## Try it
The data below should be retyped exactly, with the pictures left out.

## Information
* * * *
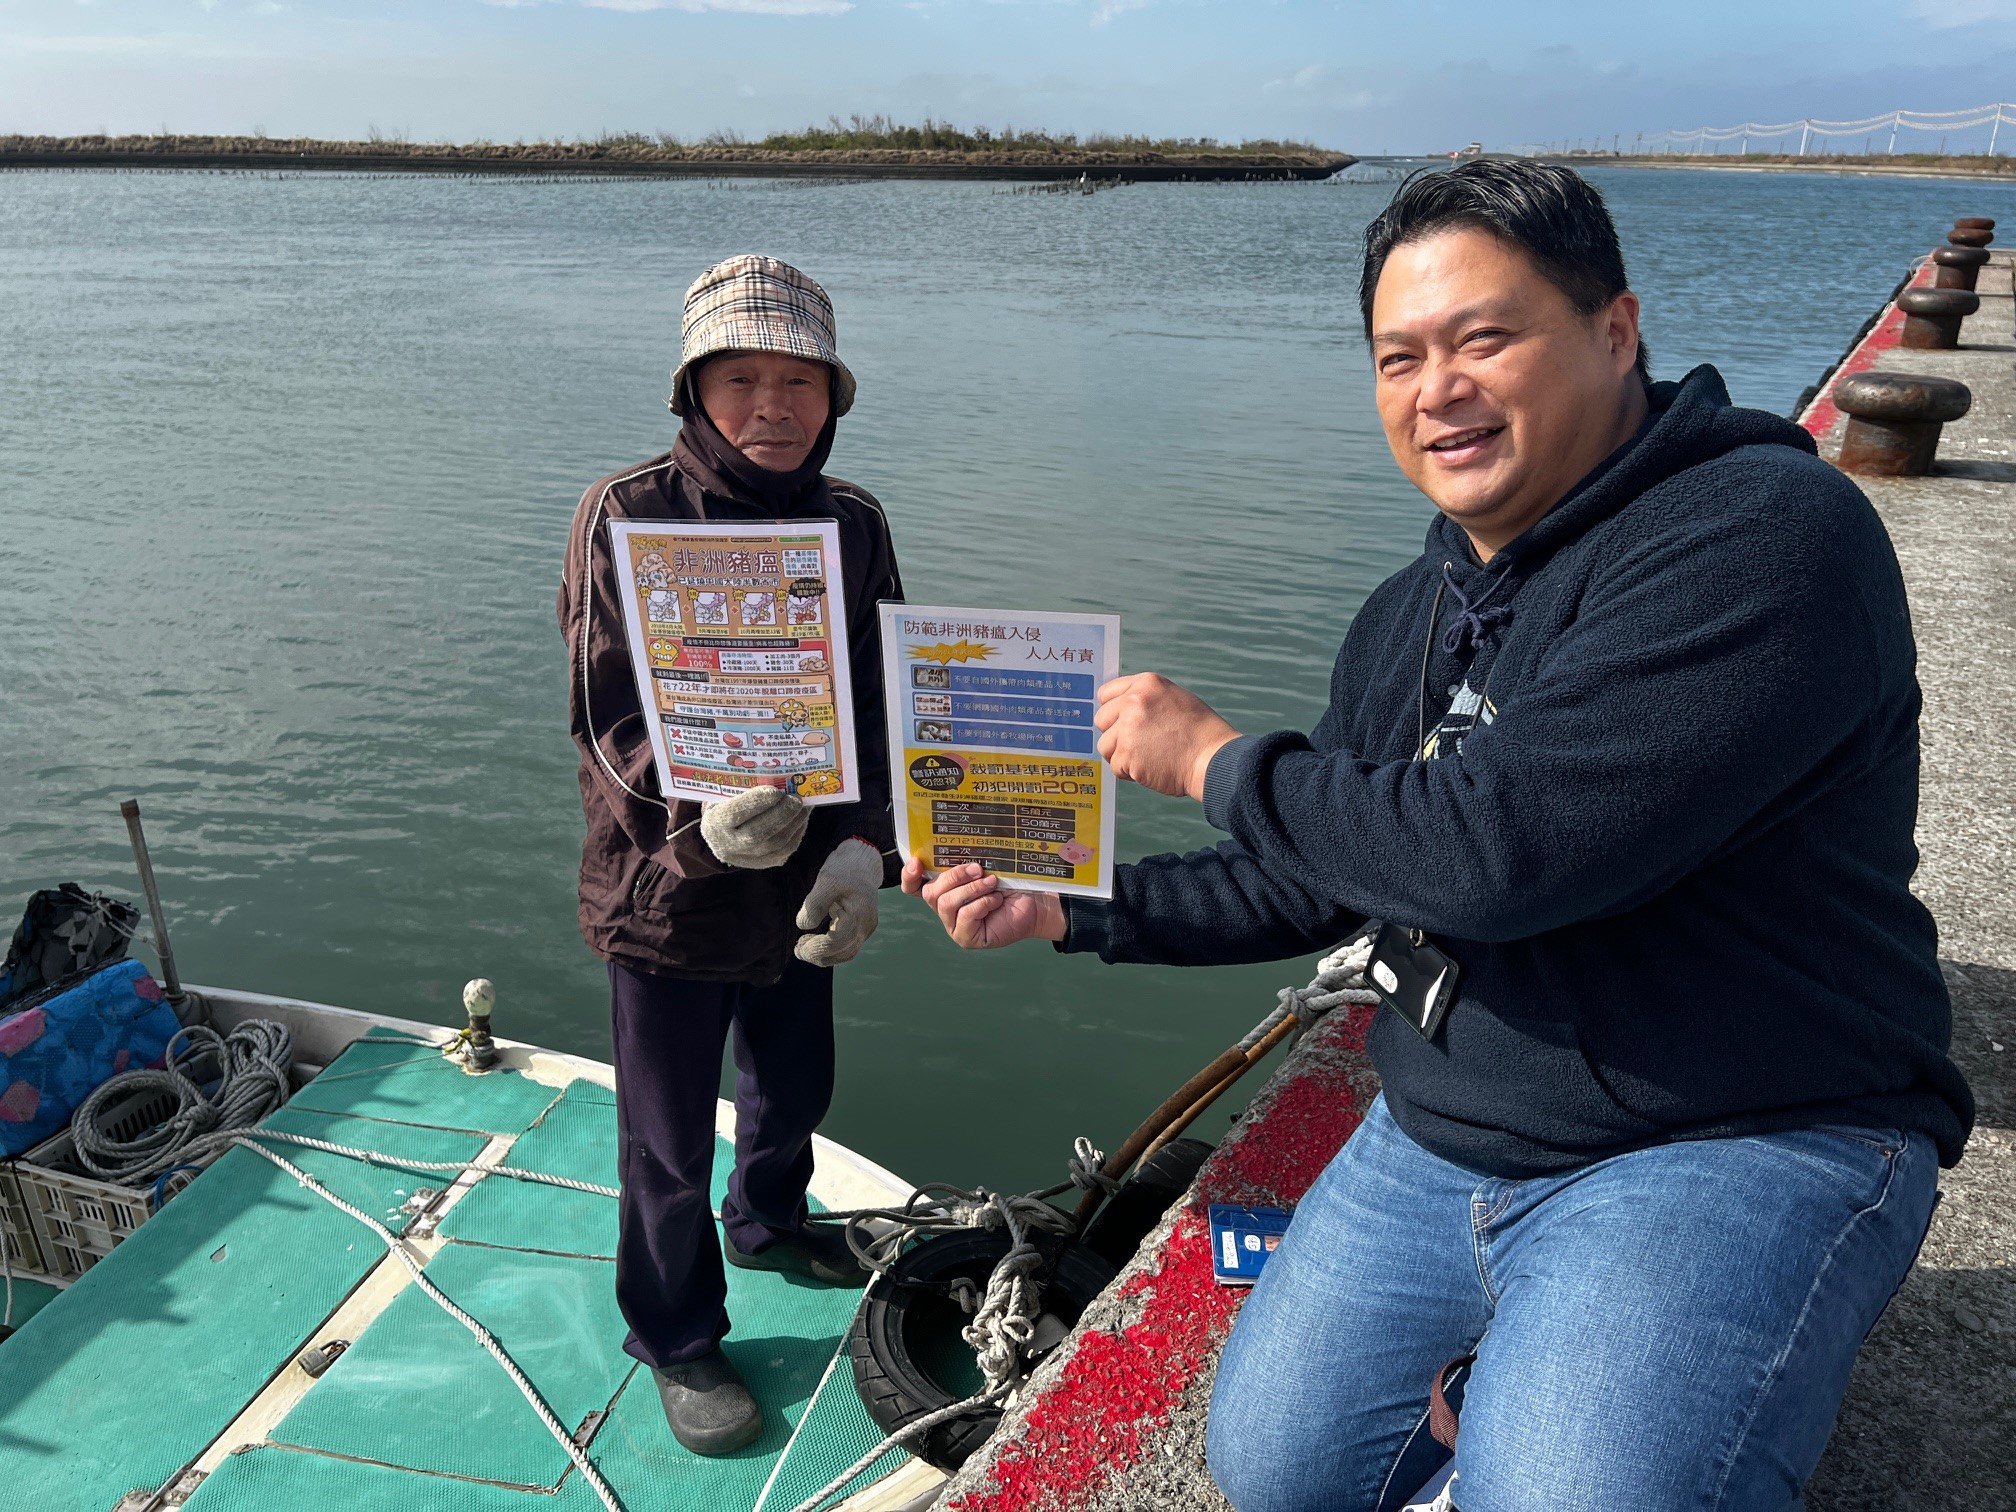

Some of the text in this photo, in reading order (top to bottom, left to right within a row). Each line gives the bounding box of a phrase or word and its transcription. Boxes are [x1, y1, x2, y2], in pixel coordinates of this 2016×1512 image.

[674, 548, 780, 574] 非洲豬瘟
[904, 620, 1041, 642] 防範非洲豬瘟入侵
[1025, 646, 1094, 663] 人人有責
[954, 675, 1072, 690] 不要自國外攜帶肉類產品入境
[663, 682, 818, 695] 花了22年才即將在2020年脫離口蹄疫疫區
[969, 763, 1094, 778] 裁罰基準再提高
[920, 778, 957, 786] 勿忽視
[972, 780, 1097, 796] 初犯開罰20萬
[936, 802, 969, 811] 第一次
[1021, 807, 1052, 816] 5萬元
[936, 814, 969, 823] 第二次
[1021, 818, 1061, 829] 50萬元
[937, 825, 992, 836] 第三次以上
[1021, 830, 1068, 841] 100萬元
[938, 846, 971, 855] 第一次
[1021, 852, 1060, 863] 20萬元
[1021, 864, 1067, 876] 100萬元
* * * *
## Solution to the exercise
Some of the text in this photo, in reading order (top to bottom, left to right within a row). Each line gives the bounding box of a phrase or word and its transcription. Boxes are [x1, y1, x2, y2], in pixel coordinates of this 2016×1512 image.

[674, 548, 780, 574] 非洲豬瘟
[904, 620, 1041, 642] 防範非洲豬瘟入侵
[1025, 646, 1094, 663] 人人有責
[954, 675, 1072, 690] 不要自國外攜帶肉類產品入境
[663, 682, 818, 695] 花了22年才即將在2020年脫離口蹄疫疫區
[969, 763, 1094, 778] 裁罰基準再提高
[920, 778, 957, 786] 勿忽視
[972, 780, 1097, 796] 初犯開罰20萬
[936, 802, 969, 811] 第一次
[1021, 807, 1052, 816] 5萬元
[936, 814, 969, 823] 第二次
[1021, 818, 1061, 829] 50萬元
[937, 825, 992, 836] 第三次以上
[1021, 830, 1068, 841] 100萬元
[938, 846, 971, 855] 第一次
[1021, 852, 1060, 863] 20萬元
[1021, 864, 1067, 876] 100萬元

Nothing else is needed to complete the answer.